Array Concepts for Competitive Programming (CP)
2-Dimensional arrays
We define a 2 dimentional arrays as table like structure with n number of rows and m number of columns. We can access them using notation Array_name[row_number][column_number].
#include <iostream>
#include <vector>
using namespace std;
int main() {
// declaring two dimensional array
int n, m; // assuming n and m are defined elsewhere
cin >> n >> m; // assuming n and m are the dimensions of the array
vector<vector<int>> Two_D_array(n, vector<int>(m));
// taking input in the array
for(int i = 0; i < n; i++){
for(int j = 0; j < m; j++){
cin >> Two_D_array[i][j];
}
}
}
import java.util.ArrayList;
import java.util.Scanner;
public class Main {
public static void main(String[] args) {
Scanner scanner = new Scanner(System.in);
int n = scanner.nextInt(); // Number of rows
int m = scanner.nextInt(); // Number of columns
ArrayList<ArrayList<Integer>> TwoDArrayList = new ArrayList<>();
// Initialize the ArrayList
for (int i = 0; i < n; i++) {
TwoDArrayList.add(new ArrayList<>());
}
// Taking input in the ArrayList
for (int i = 0; i < n; i++) {
for (int j = 0; j < m; j++) {
int value = scanner.nextInt();
TwoDArrayList.get(i).add(value);
}
}
}
}
n = int(input("Enter the number of rows: "))
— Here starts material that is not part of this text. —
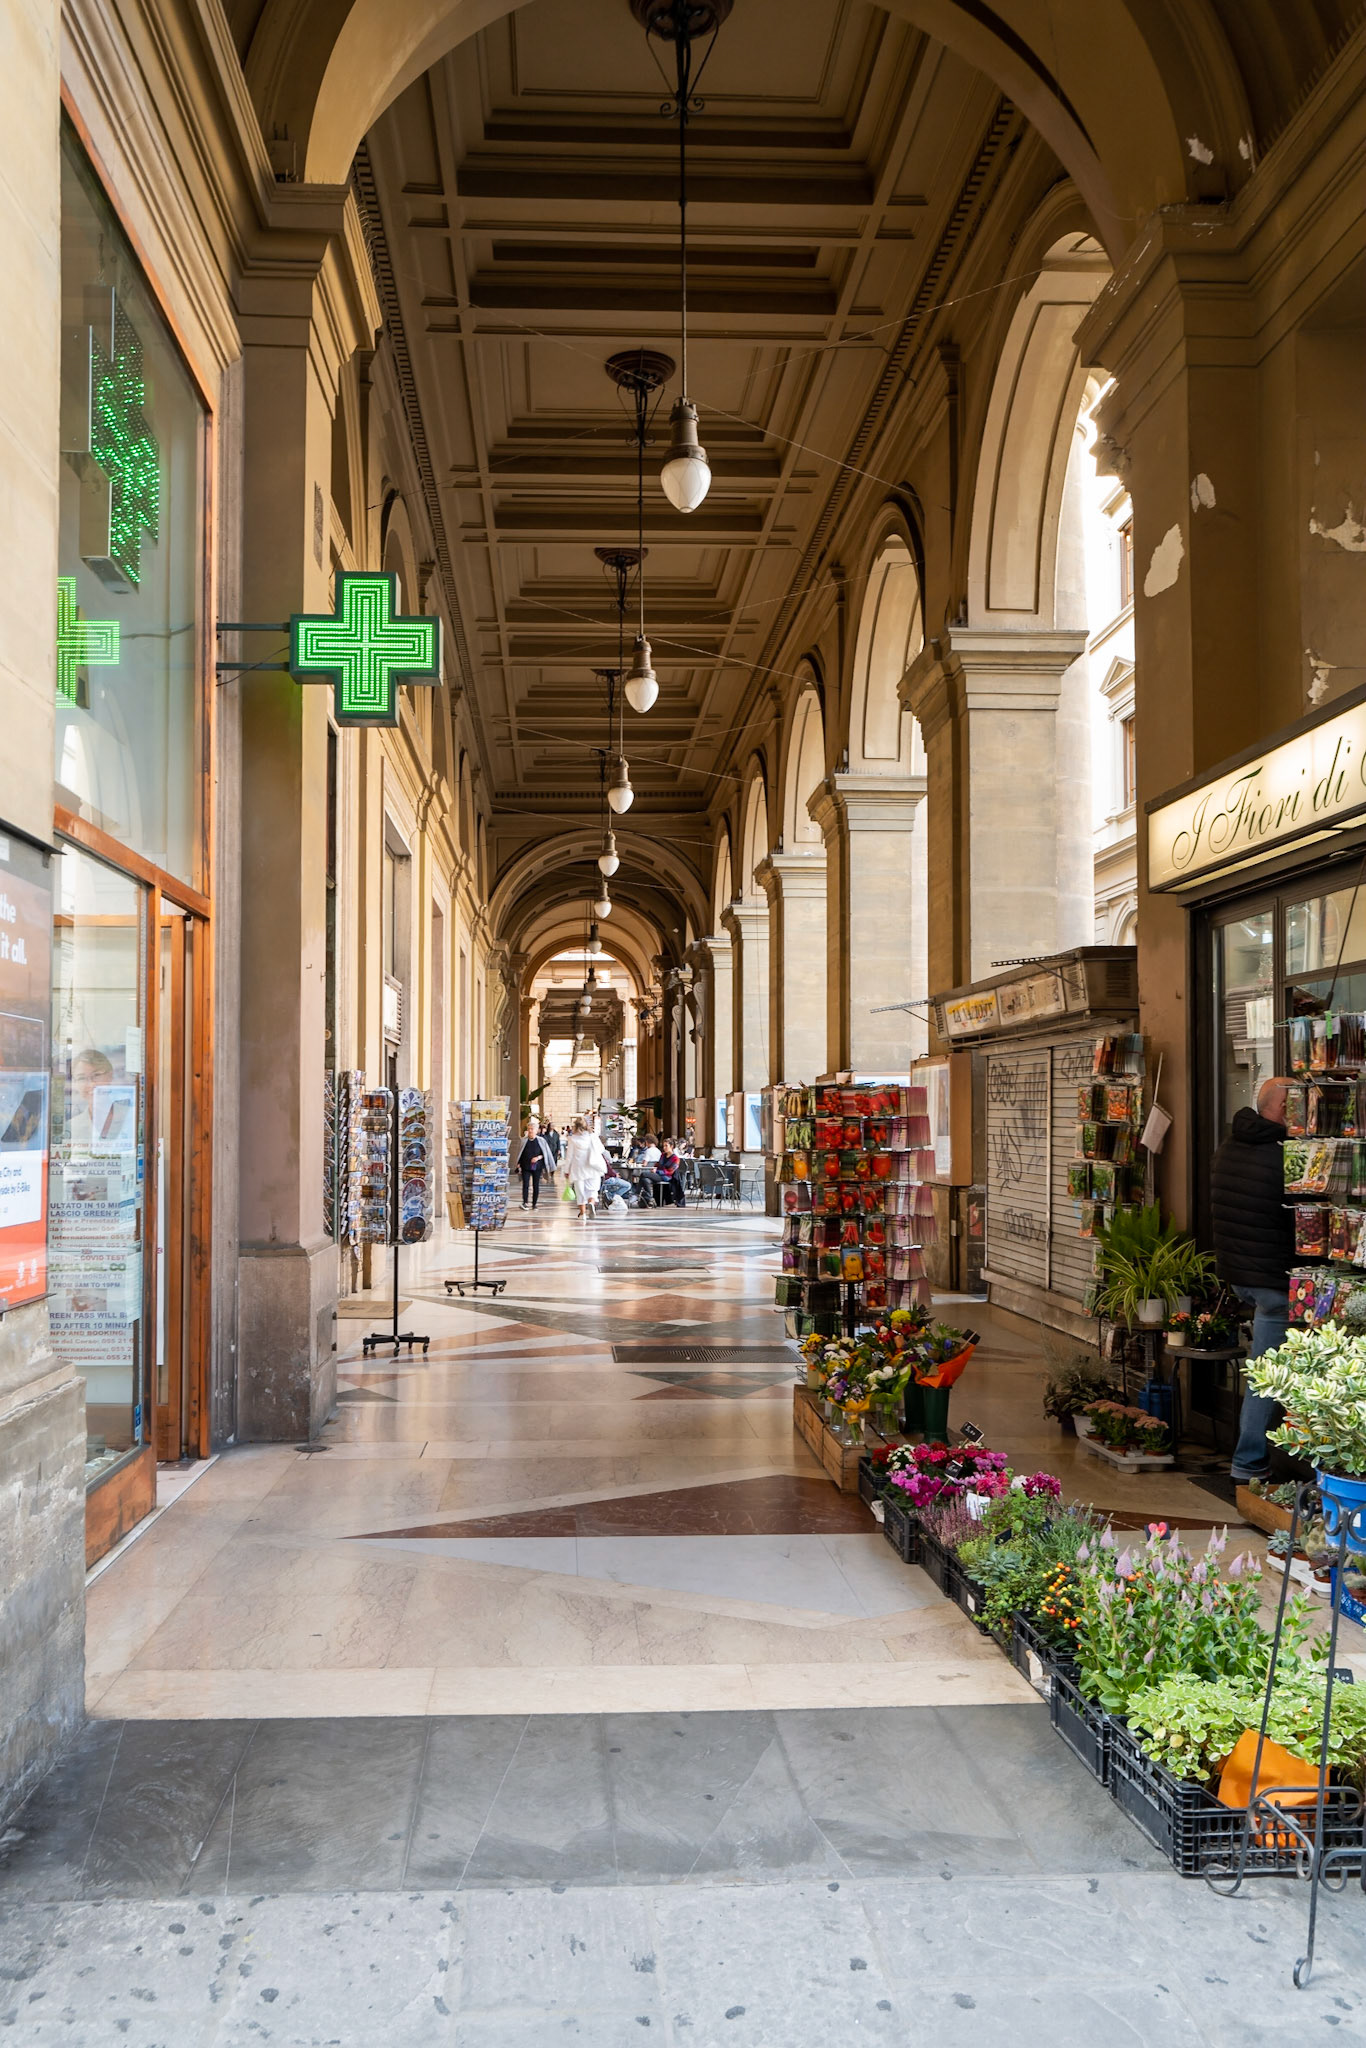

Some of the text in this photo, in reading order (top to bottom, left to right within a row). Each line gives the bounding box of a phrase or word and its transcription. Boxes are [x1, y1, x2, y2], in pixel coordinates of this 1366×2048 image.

m = int(input("Enter the number of columns: "))
TwoDList = []
# Initialize the list of lists
for i in range(n):
TwoDList.append([])
# Taking input in the list of lists
for i in range(n):
for j in range(m):
value = int(input("Enter value for position ({}, {}): ".format(i, j)))
TwoDList[i].append(value)
let n = prompt("Enter the number of rows: ");
let m = prompt("Enter the number of columns: ");
let TwoDList = [];
// Initialize the list of lists
for (let i = 0; i < n; i++) {
TwoDList.push([]);
}
// Taking input in the list of lists
for (let i = 0; i < n; i++) {
for (let j = 0; j < m; j++) {
let value = prompt(`Enter value for position (${i}, ${j}): `);
TwoDList[i].push(parseInt(value));
}
}
Sparse Array:
A sparse array or sparse matrix is an array in which most of the elements are zero. A sparse array is a data structure that efficiently represents and stores arrays where the majority of elements have the same default value. Instead of explicitly storing every element, a sparse array only records the non-default values along with their corresponding indices, reducing storage space and improving computational efficiency.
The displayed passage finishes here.